(SUPPLIED MATERIAL)

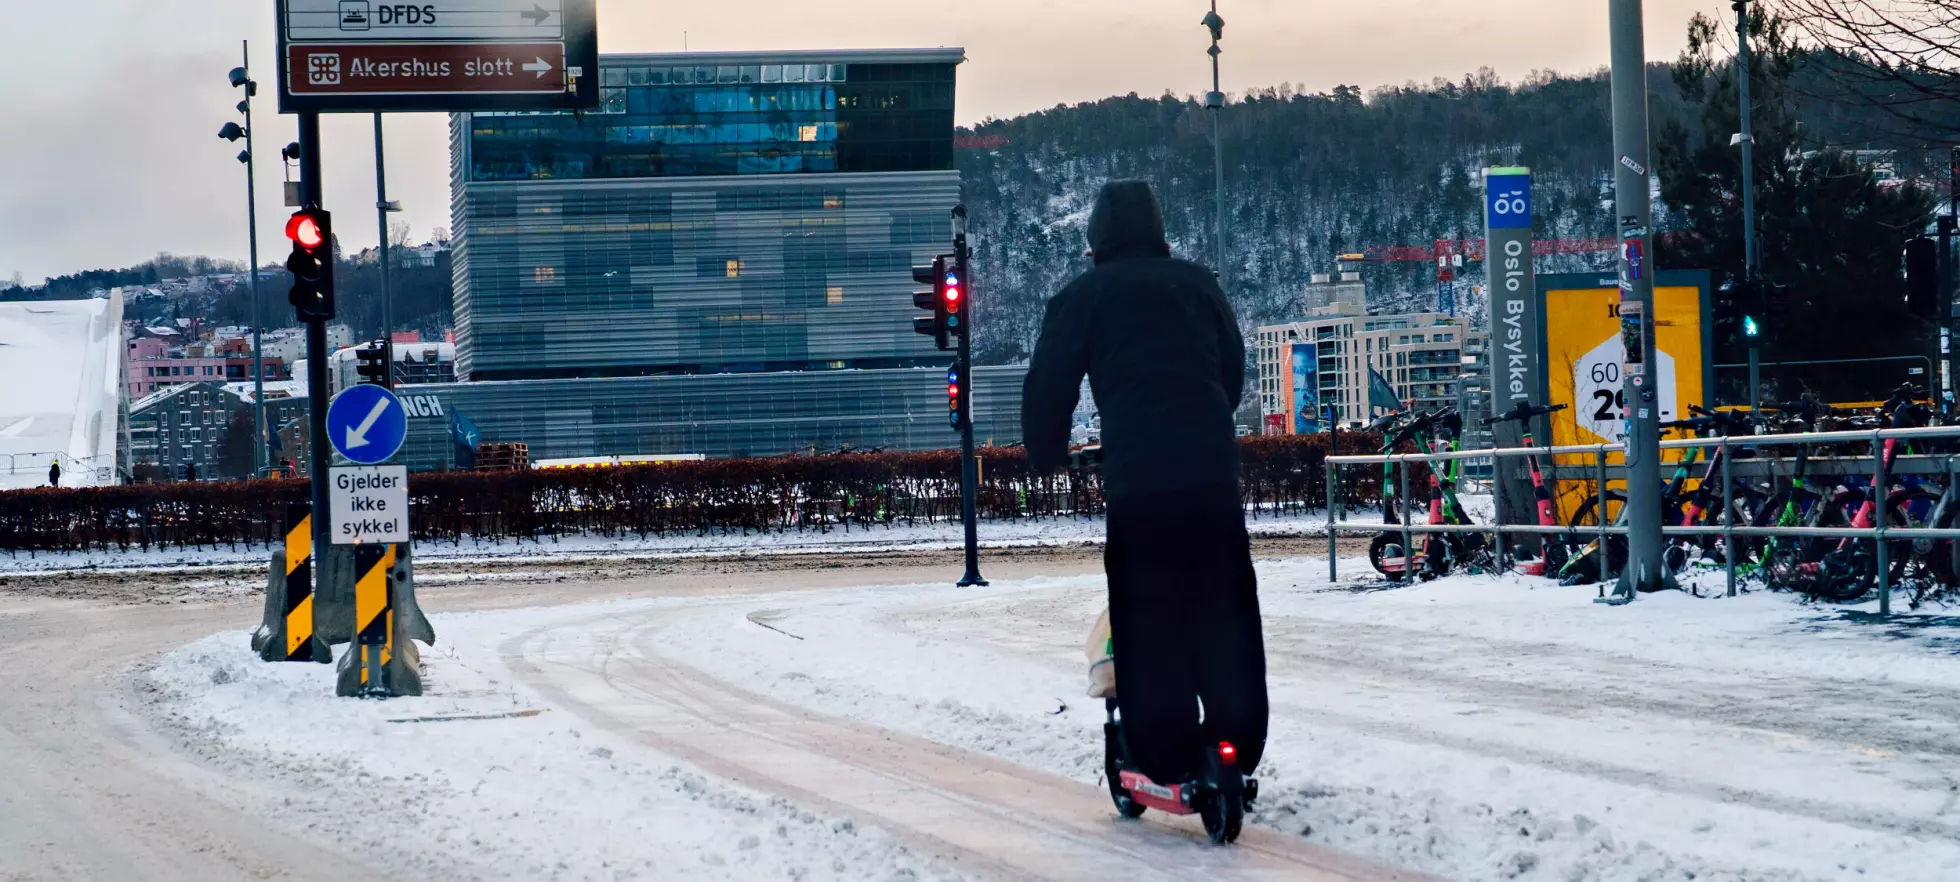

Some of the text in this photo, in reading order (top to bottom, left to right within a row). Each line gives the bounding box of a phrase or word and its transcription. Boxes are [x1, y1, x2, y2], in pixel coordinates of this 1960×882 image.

[379, 5, 436, 24] DFDS
[350, 56, 514, 77] Akershus slott
[1502, 240, 1529, 400] Oslo Bysykkel
[1591, 362, 1619, 383] 60
[337, 473, 399, 493] Gjelder
[351, 497, 387, 512] ikke
[343, 518, 398, 537] sykkel

(End SUPPLIED MATERIAL)

> WHAT THE TASK REQUIRES:
Your reply should restate every entry exactly, with the pictures left out.

> OUTPUT FOR THIS TASK:
Some of the text in this photo, in reading order (top to bottom, left to right within a row). Each line gives the bounding box of a phrase or word and its transcription. Boxes are [x1, y1, x2, y2], in pixel coordinates of this 1960×882 image.

[379, 5, 436, 24] DFDS
[350, 56, 514, 77] Akershus slott
[1502, 240, 1529, 400] Oslo Bysykkel
[1591, 362, 1619, 383] 60
[337, 473, 399, 493] Gjelder
[351, 497, 387, 512] ikke
[343, 518, 398, 537] sykkel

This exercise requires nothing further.